From the chart below, there is confirmation by the Bloomberg Trend/Stall study that a near-term high was reached and now a stalling condition is present. The Spearman is also rolling down. Now to get a confirmation, the Spearman needs to dip below the zero line.

That may occur with a couple of more stall days or a turn sharply lower (greater than 1%) on the S&P 500 index. That may be a time to either hedge out or consider lightening up long positions. From there, a short could be implemented through an ETF or options strategy.

Just a quick heads up….


The Bloomberg Trend/Stall Indicator:
TrendStall identifies points at which a trend is losing momentum and is likely to stall or consolidate. The determination is based on a Rate of Change of the ADX. The parameters for the ADX, Rate of Change, and Moving Average of the Rate of Change are user adjustable.

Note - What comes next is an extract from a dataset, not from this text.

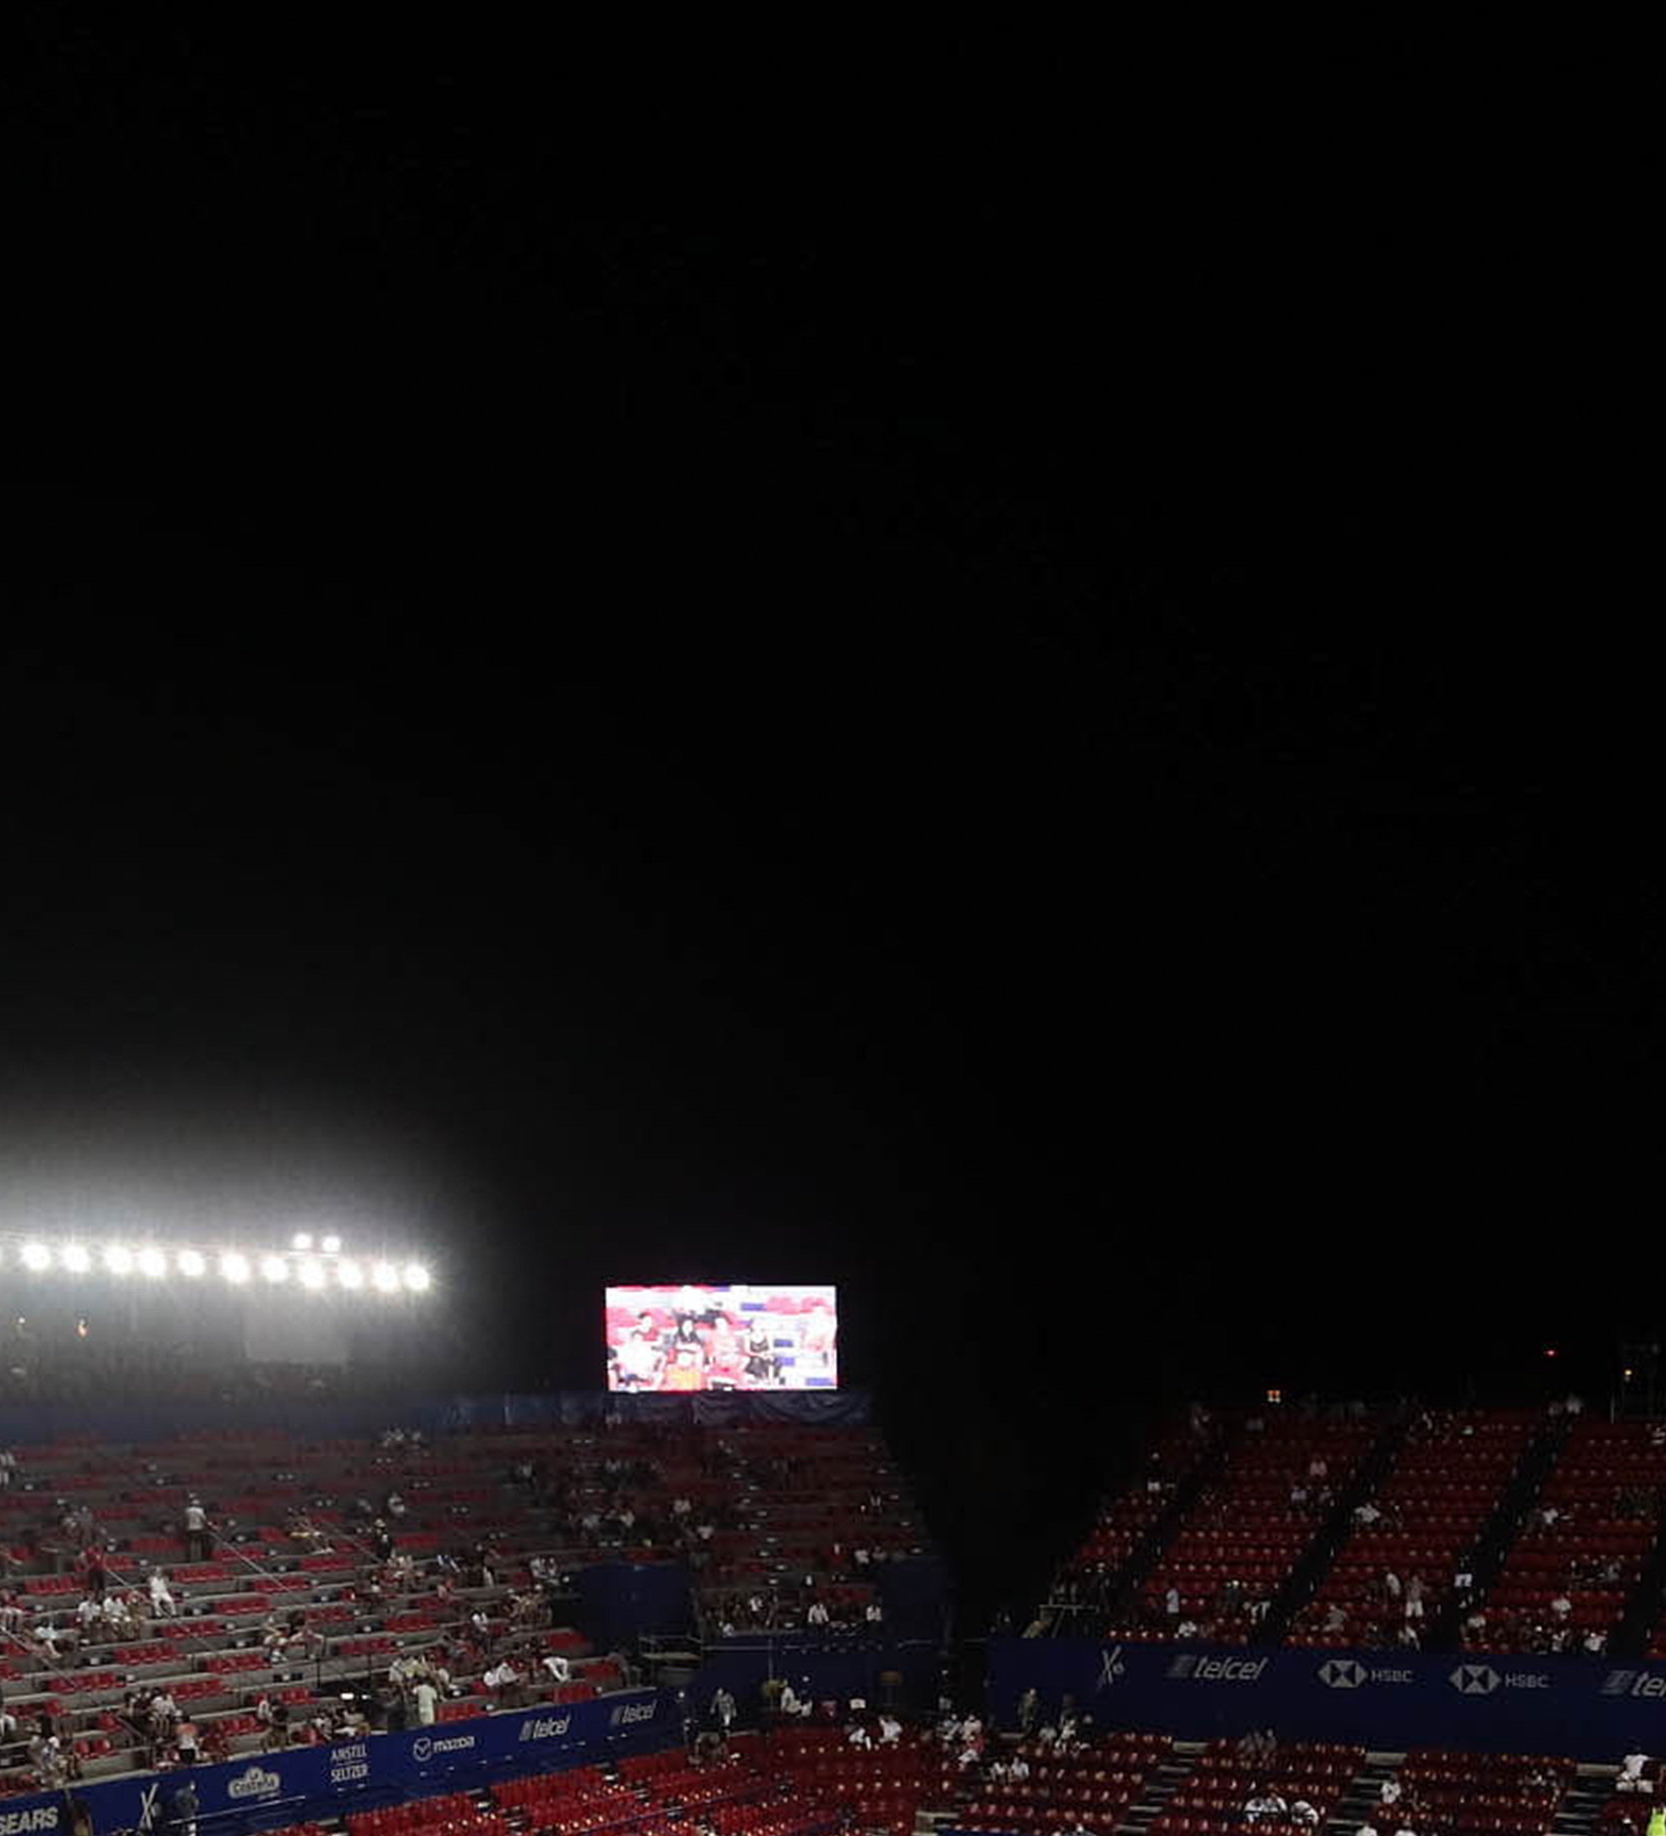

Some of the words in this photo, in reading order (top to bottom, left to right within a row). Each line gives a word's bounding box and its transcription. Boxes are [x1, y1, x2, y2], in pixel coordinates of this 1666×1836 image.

The bar that has been determined to be the ‘Stall’ point is marked by a triangle above or below that bar. The price bars leading up to a TrendStall signal are painted a different color to alert the user that the TrendStall histogram has risen above the threshold level confirming a trend is in place and a stall is imminent. The period after the stall bar may also be painted on the price chart, depending on the value of the histogram (ADX ROC) in relation to a moving average of that value. This ‘paintbar’ period is often valuable as an indication of a slightly longer stall confirmation.
So what is the Spearman Indicator telling us? At least to Andrew Horowitz, we will enter a downtrend in the weeks ahead. This is really all that you need to know, the future doesn't appear bright and investing at this time will be into a "sucker's market".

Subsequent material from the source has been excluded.